‘She is a princess endowed with all the virtues of sex; long experience has taught her how to govern these people… I think that if Her Highness could govern in her own way, everything would turn out very happily.’
The ‘princess’ in question was Isabel Clara Eugenia, Infanta of Spain and regent of the Spanish Netherlands; ‘these people’ were the pesky, ungovernable Flemings and the author of the glowing testimonial was Peter Paul Rubens who, since the death of Isabel’s husband the Archduke Albert in 1621, had become her trusted diplomatic adviser. It was quite a step up for a mere court painter, especially one with a skeleton in the family closet. Before Peter Paul’s birth his lawyer father Jan had been adviser to another princess, Anna of Saxony, with whom he had had an affair that produced a son. In 1571 he had been arrested and thrown into prison, from which he was released only through the generosity and persistence of his ever-loving wife. Maria Rubens stood by her man.

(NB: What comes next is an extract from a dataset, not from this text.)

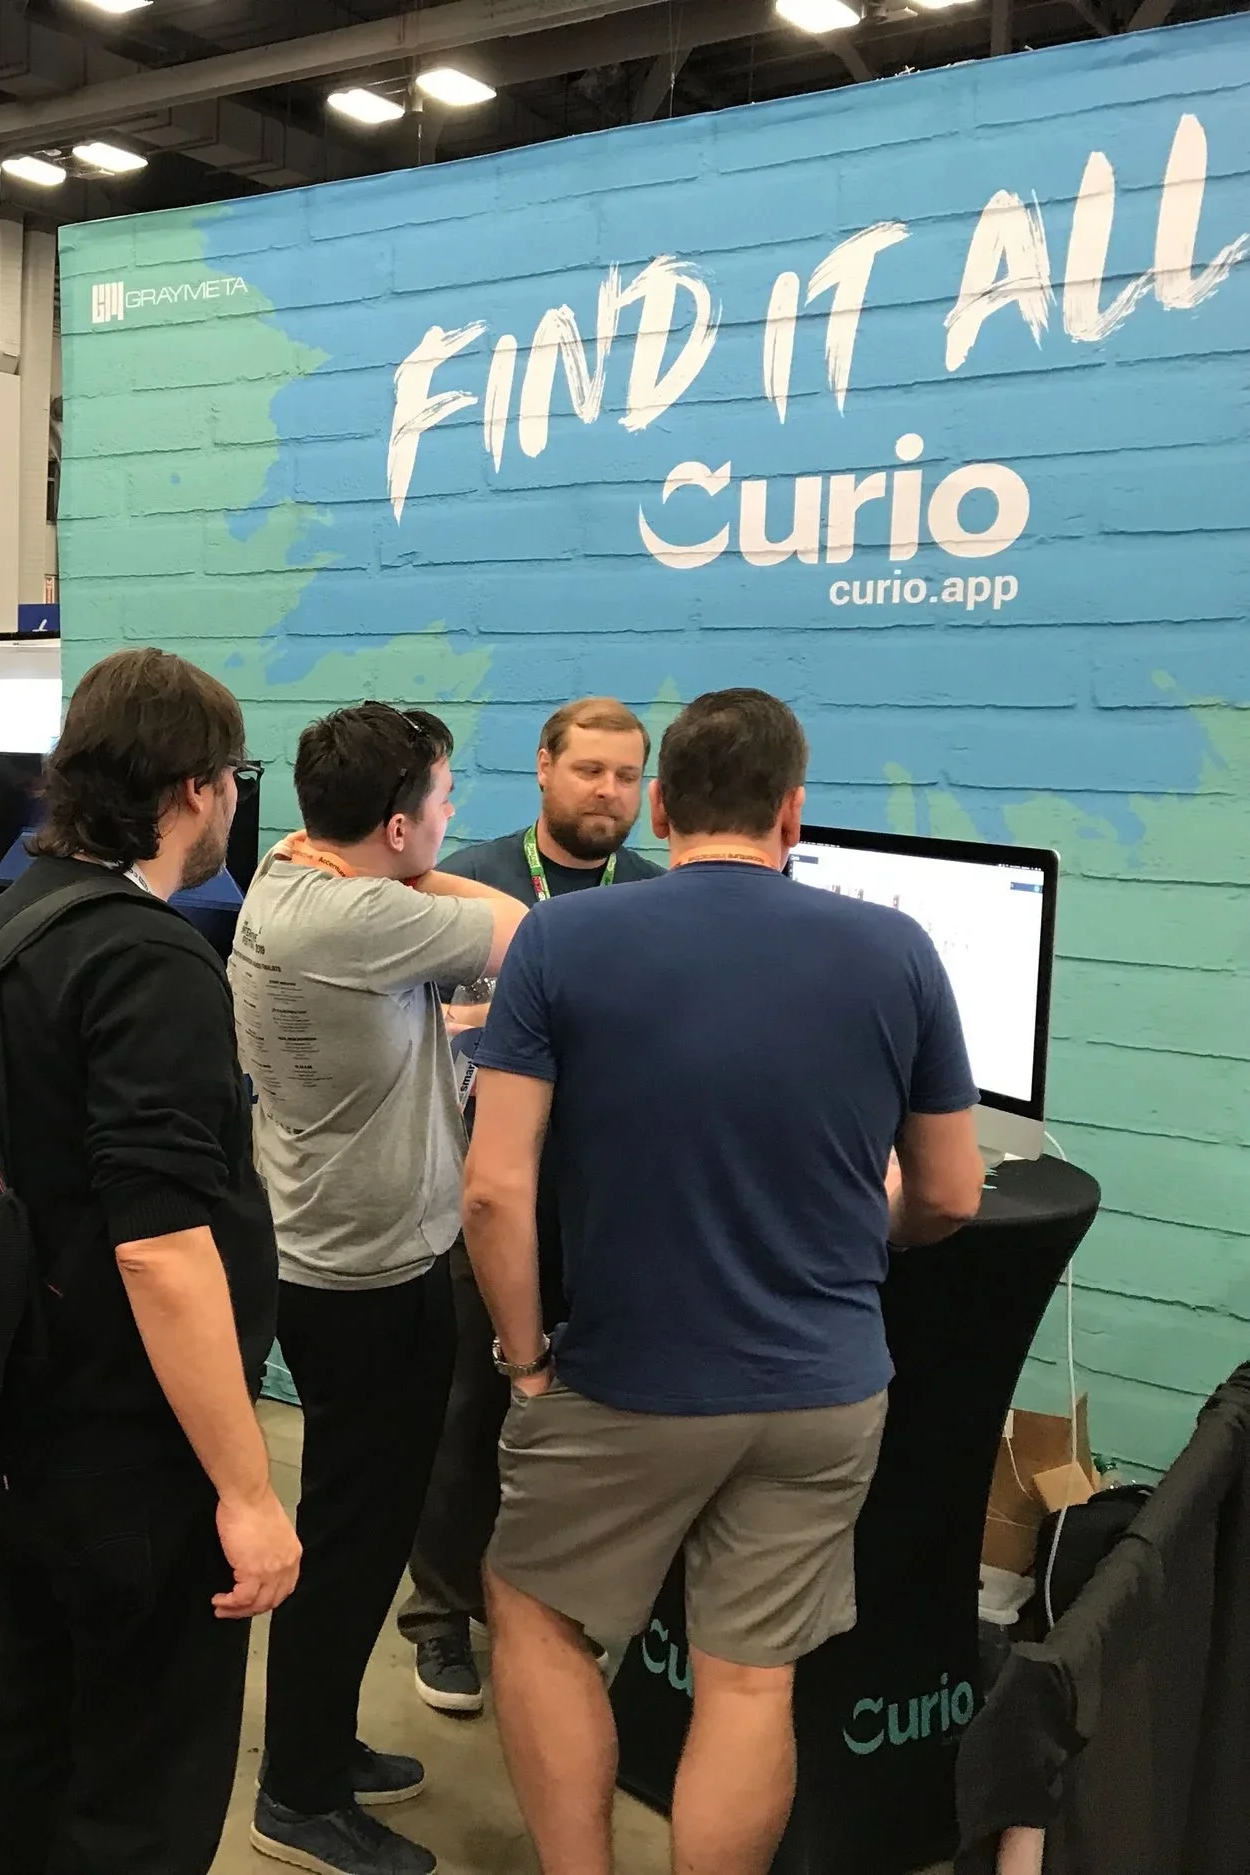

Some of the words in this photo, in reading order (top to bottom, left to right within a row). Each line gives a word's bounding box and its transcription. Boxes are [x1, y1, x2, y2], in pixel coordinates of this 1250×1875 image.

Rubens rarely painted companies of men; he does seem to have preferred the company of women
Rubens’s mother was the formative influence who turned him into a champion of the female sex. That’s the idea, anyway, behind Rubens & Women, Dulwich Picture Gallery’s new exhibition – and for those who think ‘Rubens & Embonpoint’ might be a better title, the show amasses some convincing evidence.
Unlike Rembrandt and Hals, Rubens rarely painted companies of men; he does seem to have preferred the company of women. And the women he painted, real and mythological, were forces to be reckoned with: they wielded power on Olympus and on Earth. His Maria de’ Medici cycle for the Luxembourg Palace was the first such series to celebrate the achievements of a woman, and in his portraits of the French queen mother and the Archduchess Isabel – two of the 17th century’s most powerful women – he made no attempt to flatter their female vanity.